Council member David A. Catania is crafting a program he says would provide a bridge between health care coverage for the city’s poorest residents and those who have access to a plan through their employer.
“It’s a more incremental approach that I think frankly is going to be more successful,” said Mr. Catania, at-large independent and chairman of the council’s health committee.
The program — called Healthy D.C. — would be partially government-subsidized but include a reduced premium that depends on the income of the enrollee.
It also would include a co-pay and deductibles and provide coverage for primary care and hospitalizations, but it would not cover services such as home visits or chiropractic care.
Mr. Catania said his proposal is part of a three-pronged approach to expand health care that includes enrolling additional residents and children in the District’s Medicaid and HealthCare Alliance programs.
He said it would ideally target residents at 200 percent to 300 percent of the federal poverty level and reduce the city’s number of uninsured residents by roughly 12,000.
A report commissioned by the D.C. Council and released yesterday by the Rand Corp. shows that 9.8 percent of D.C. residents — or about 55,000 — are uninsured.
The District — which had a population of roughly 581,000 in 2006, according to U.S. Census Bureau estimates — has a lower percentage of uninsured residents than other cities with comparable demographics.
Nearly 16 percent of Atlanta residents are uninsured, compared with 19 percent in Philadelphia and 22 percent in Detroit.
Mr. Catania’s proposal comes as other states have adopted or are contemplating universal health care coverage amid calls for reforms on the national level.
Massachusetts in 2006 adopted a first-in-the-nation mandate that every resident have health insurance if an affordable plan is available.
In California, a state Senate committee on Monday effectively killed a $14 billion plan pushed by Gov. Arnold Schwarzenegger, a Republican. That plan also would require state residents, with few exceptions, to buy minimal health insurance. A universal health care plan passed by the city of San Francisco was initiated last year but has faced legal challenges.
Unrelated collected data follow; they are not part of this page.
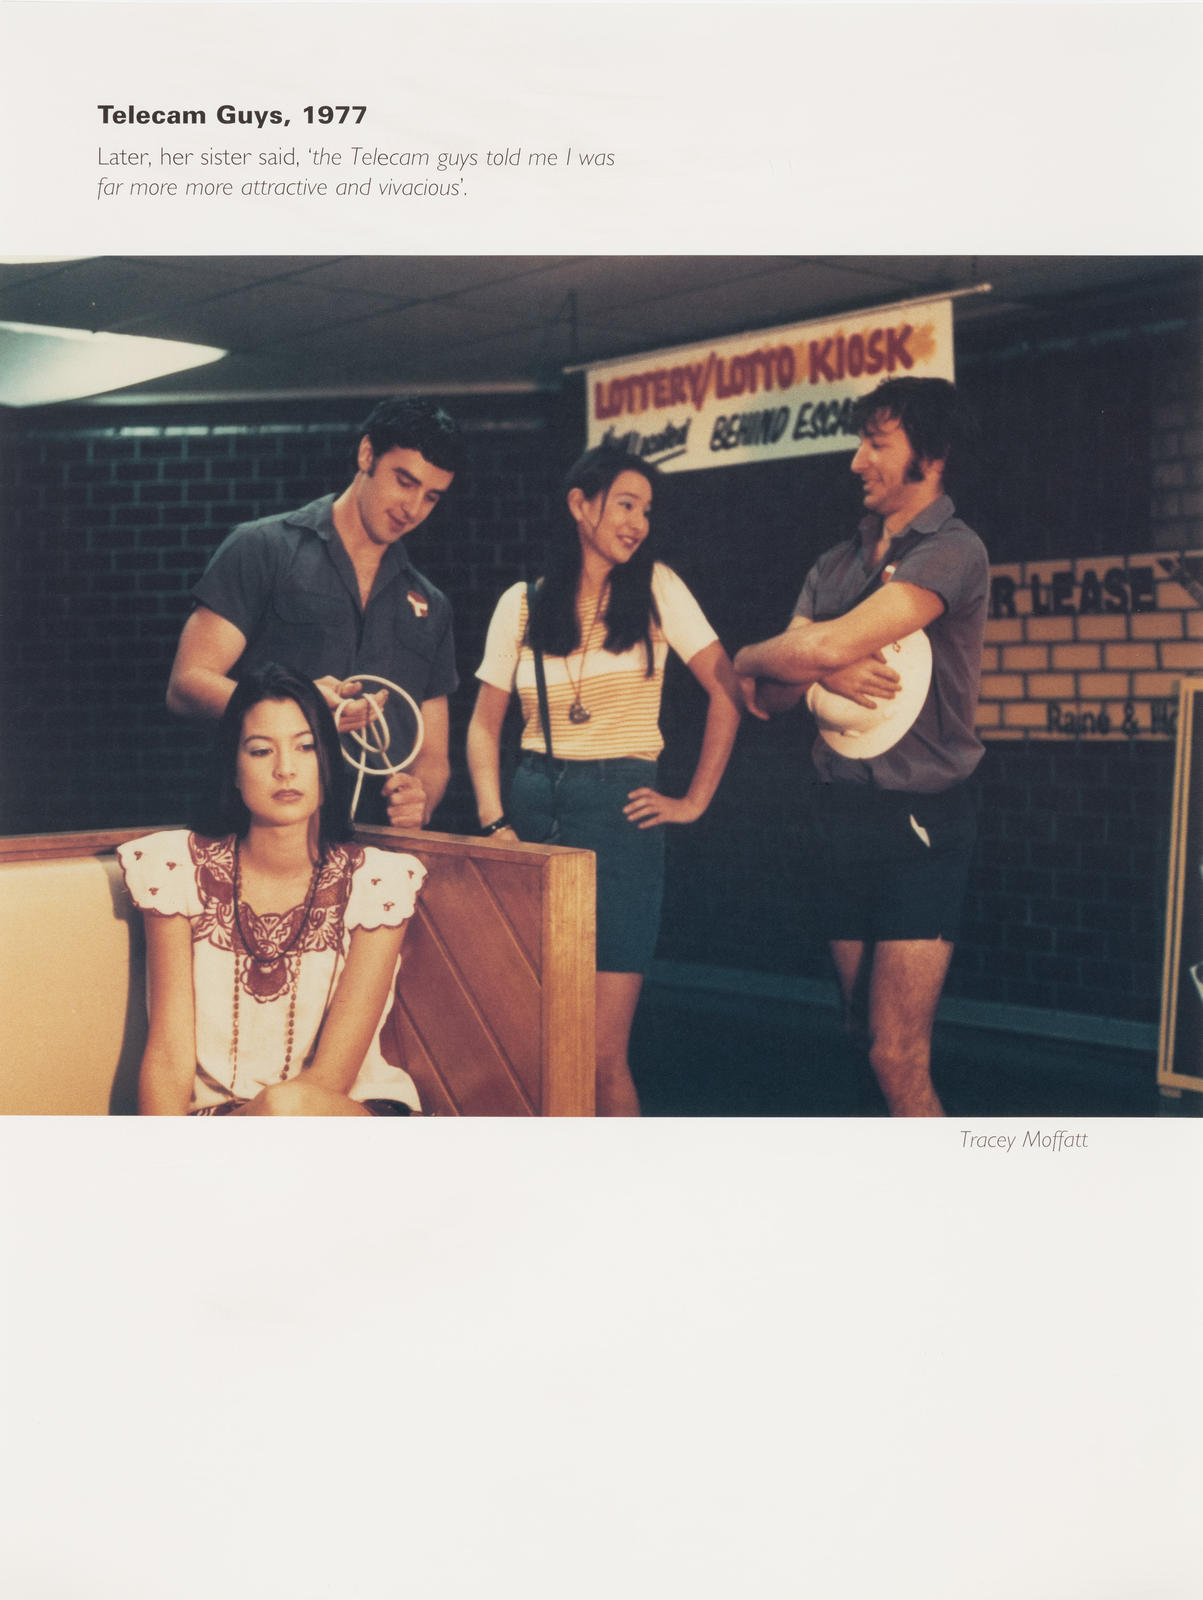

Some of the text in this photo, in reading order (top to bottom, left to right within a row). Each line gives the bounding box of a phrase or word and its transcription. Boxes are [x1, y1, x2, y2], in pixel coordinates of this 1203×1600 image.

[97, 105, 367, 129] Telecam Guys, 1977
[98, 147, 152, 168] Later,
[161, 147, 194, 166] her
[201, 147, 252, 166] sister
[259, 147, 300, 168] said,
[352, 147, 429, 167] Telecam
[437, 152, 478, 172] guys
[486, 147, 522, 166] told
[528, 152, 558, 166] me
[566, 147, 573, 166] I
[578, 152, 615, 166] was
[97, 177, 124, 201] far
[130, 182, 178, 196] more
[186, 182, 233, 196] more
[241, 177, 328, 196] attractive
[335, 177, 372, 196] and
[809, 323, 915, 386] KIOSK
[710, 405, 791, 451] BEHIND
[792, 397, 862, 440] ESCA
[1031, 566, 1157, 617] LEASE
[960, 1129, 1089, 1153] Tracey Moffatt
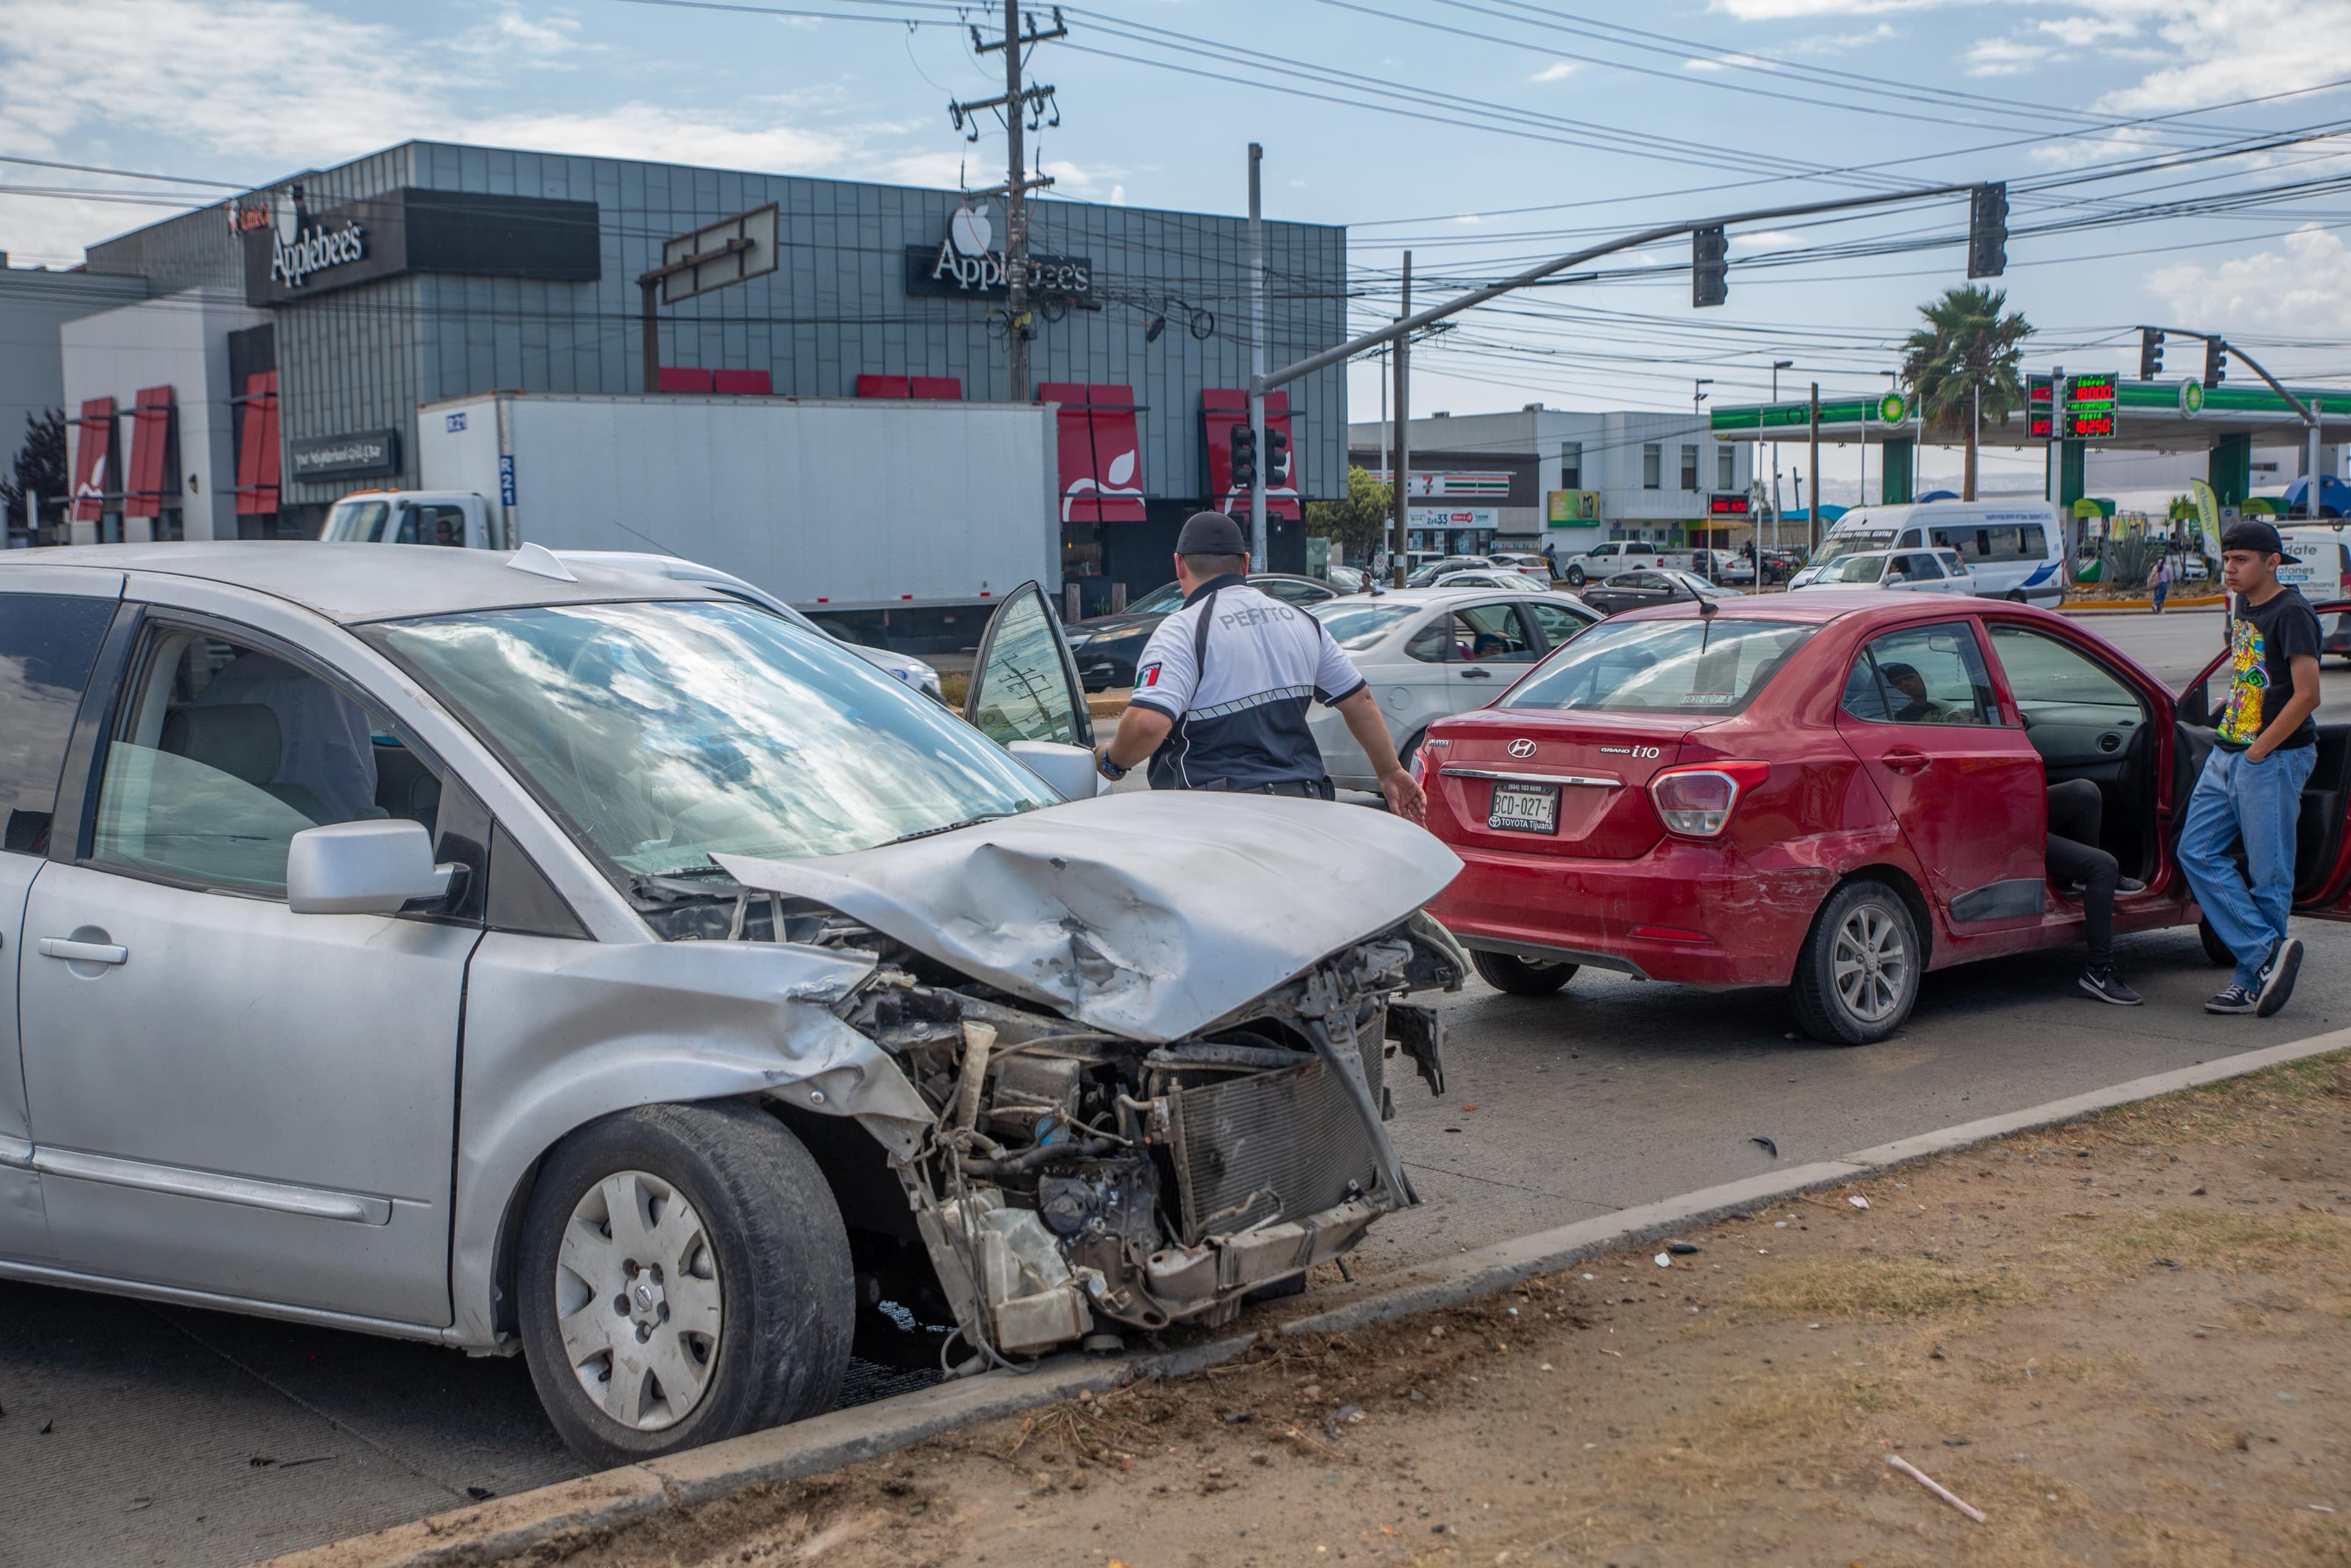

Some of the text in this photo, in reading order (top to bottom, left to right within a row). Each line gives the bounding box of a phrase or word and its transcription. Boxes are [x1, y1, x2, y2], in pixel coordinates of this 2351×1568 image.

Expanding health care coverage has been identified by both Mayor Adrian M. Fenty and the D.C. Council as a priority for the upcoming year.
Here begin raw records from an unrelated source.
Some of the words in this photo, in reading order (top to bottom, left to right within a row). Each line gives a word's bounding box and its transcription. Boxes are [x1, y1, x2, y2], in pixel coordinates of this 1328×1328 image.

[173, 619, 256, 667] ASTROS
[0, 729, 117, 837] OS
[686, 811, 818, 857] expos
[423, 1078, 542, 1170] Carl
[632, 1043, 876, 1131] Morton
“We’re not that far away,” said council Chairman Vincent C. Gray, a Democrat. “There’s some who would argue that right now we’re probably at 95 to 96 percent coverage … It also makes a very strong case for let’s go the extra mile and make that happen.”
Mr. Fenty, a Democrat, last week said one of his goals for 2008 would be “developing feasible and sustainable strategies to expand access to health care to uninsured District residents.”
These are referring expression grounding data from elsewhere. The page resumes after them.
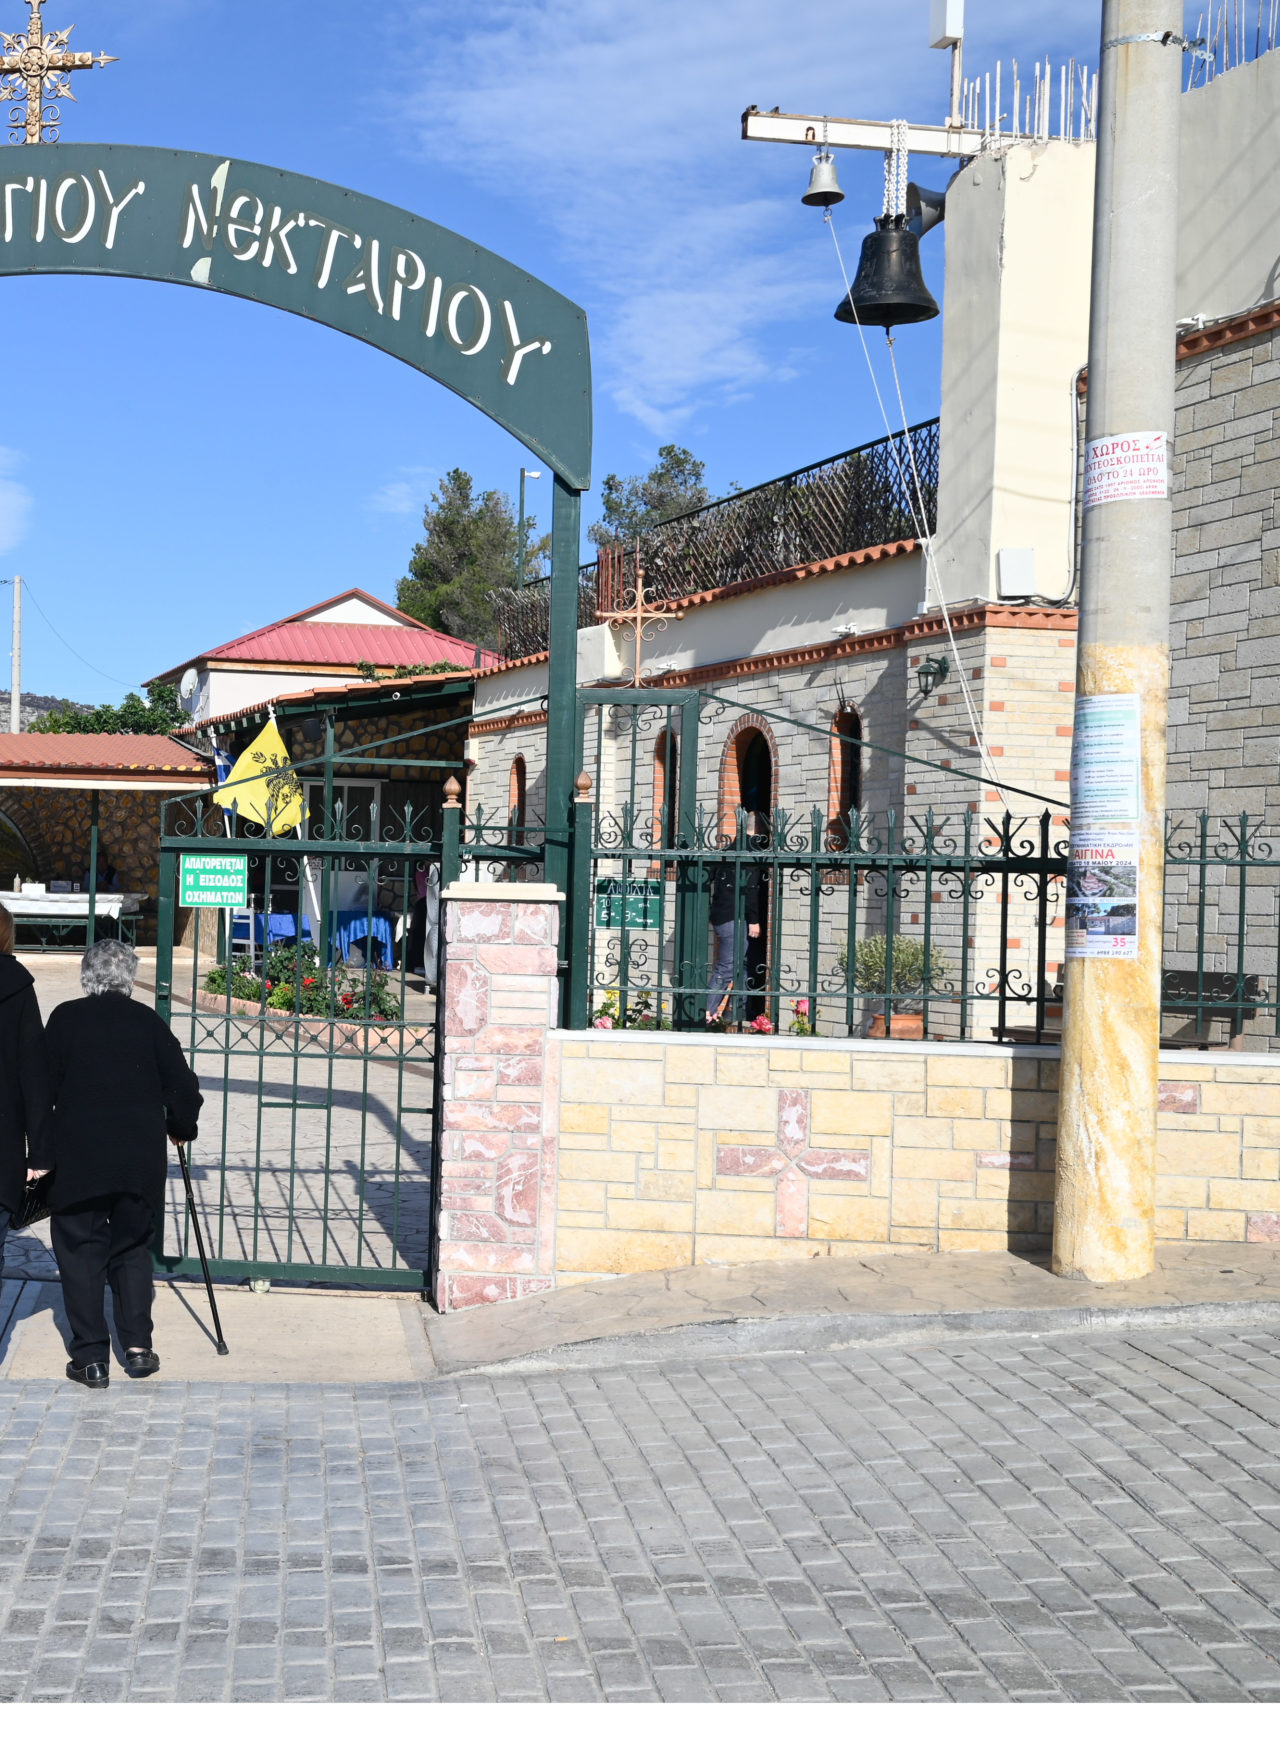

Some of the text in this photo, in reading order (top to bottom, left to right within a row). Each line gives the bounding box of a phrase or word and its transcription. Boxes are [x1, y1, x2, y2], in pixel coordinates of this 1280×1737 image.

[1092, 440, 1141, 459] ΧΩΡΟΣ
[1084, 453, 1165, 474] ΙΝΤΕΟΣΚΟΠΕΙΤΑΙ
[1138, 466, 1159, 476] ΩΡΟ
[1074, 848, 1115, 860] ΑΙΓΙΝΑ
[185, 857, 243, 870] ΑΠΑΓΟΡΕΥΕΤΑΙ
[186, 874, 243, 886] Η ΕΙΣΟΔΟΣ
[185, 891, 243, 903] ΟΧΗΜΑΤΩΝ
The mayor said his administration would study plans like those used in San Francisco and Massachusetts for “best practices,” but his main goal would be to strengthen the city’s HealthCare Alliance model.
The mayor also said his administration would have input on the Catania insurance plan, which the council member stressed is not a single-payer system or a model “that gets everyone all at once.”
Mr. Catania said the proposal could be wrapped up by spring, after it is vetted with the city’s health care community and a deal with an insurance company to offer the benefits is solidified.
Language authorizing the program’s creation was included in the fiscal 2006 budget, and the actual program could be included in this year’s budget, which the mayor will submit to the council in March.
“It’s got to be a product that is usable for this population,” Mr. Catania said. “I don’t see any reason to drag our feet about it.”